The first book of Faster Fene series was published in the year 1974 by Pune-based Popular Prakashan. But a year later, another Pune-based publisher Utkarsh Prakashan acquired the rights to publish Faster Fene books.

He is known to be one of the most popular detective characters of Maharashtra and these Faster Fene novels have been translated into other languages such as English and Hindi.

== Summary ==
Banesh Fene is a lanky school-going teenager who is always ready for adventures wherever he goes. He is a student of Vidya Bhavan School in Pune. He was born in a village called Fursungi near Pune. He is very agile and is very fast with his feet and on his bicycle. Hence he earns his nickname 'Faster Fene'.

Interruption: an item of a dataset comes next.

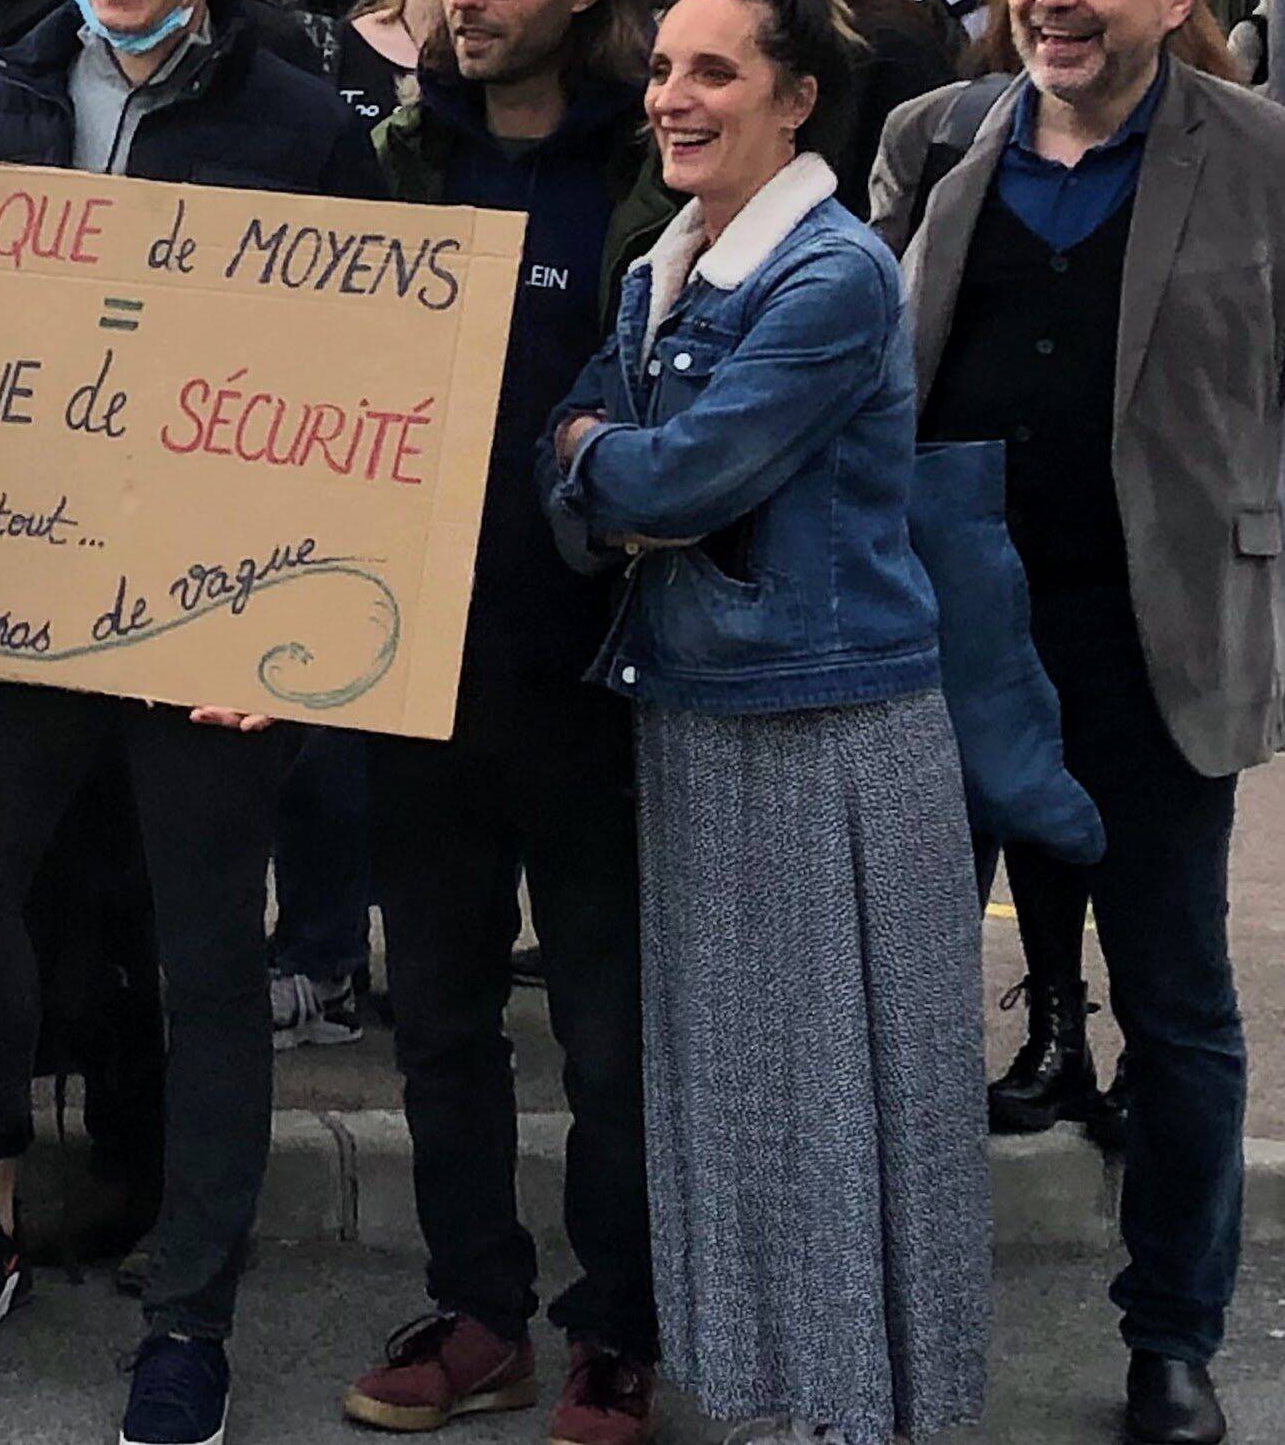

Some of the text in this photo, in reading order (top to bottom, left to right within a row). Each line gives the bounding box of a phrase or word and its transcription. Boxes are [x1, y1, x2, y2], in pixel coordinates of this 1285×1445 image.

Most of Faster Fene's adventures are based in and around Pune. However, in some books and novels his adventures take place in Jammu and Kashmir, near Indo-China border and even in Afghanistan. According to Faster Fene, although he doesn't wish to get into trouble, mysteries and adventures follow him wherever he goes and so he is left with no option but to fight back and solve mysteries.

== Novels ==
1. फुरसुंगीचा फास्टर फेणे (Fursungicha Faster Fene)
2. आगे बढो...फास्टर फेणे (Aage Badho Faster Fene)
3. बालबहाद्दर फास्टर फेणे (Balbahaddar Faster Fene)
4. जवानमर्द फास्टर फेणे (Jawanmard Faster Fene)
5. फास्टर फेणेचा रणरंग (Faster Fenecha Ranrang)
6. ट्रिंग ट्रिंग फास्टर फेणे (Tring..Tring..Faster Fene)
7. फास्टर फेणेची एक्स्प्रेस कामगिरी (Faster Fenechi Express Kamgiri)
8. फास्टर फेणे टोला हाणतो (Faster Fene Tola Hanato)
9. फास्टर फेणे डिटेक्टिव्ह (Faster Fene Detective)
10. फास्टर फेणेची काश्मिरी करामत (Faster Fenechi Kashmiri Karamat)
11. प्रतापगडावर फास्टर फेणे (Pratapgadavar Faster Fene)
12. गुलमर्गचे गूढ आणि फास्टर फेणे (Gulmargche Gudh Ani Faster Fene)
13. चिंकूचे चाळे आणि फास्टर फेणे (Chinkuche Chale Ani Faster Fene)
14. फास्टर फेणेची डोंगर-भेट (Faster Fenechi Dongar Bhet)
15. फास्टर फेणेच्या गळ्यात माळ (Faster Fenechya Galyat Mal)
16. चक्री वादळात फास्टर फेणे (Chakri Vadlat Faster Fene)
17. चिंकू चिंपांझी आणि फास्टर फेणे (Chinku Chimpanzee Ani Faster Fene)
18. विमान-चोर विरुद्ध फास्टर फेणे (Viman-Chor Viruddha Faster Fene)
19. जंगलपटात फास्टर फेणे (Junglepatat Faster Fene)
20. टिक टाॅक फास्टर फेणे (Tick Tock Faster Fene)

== Films adaptation ==
In 2017, the character of Faster Fene was adapted into an on-screen character for a Marathi movie Faster Fene, directed by Aditya Sarpotdar and produced by Riteish Deshmukh. The character of Faster Fene was played by Amey Wagh.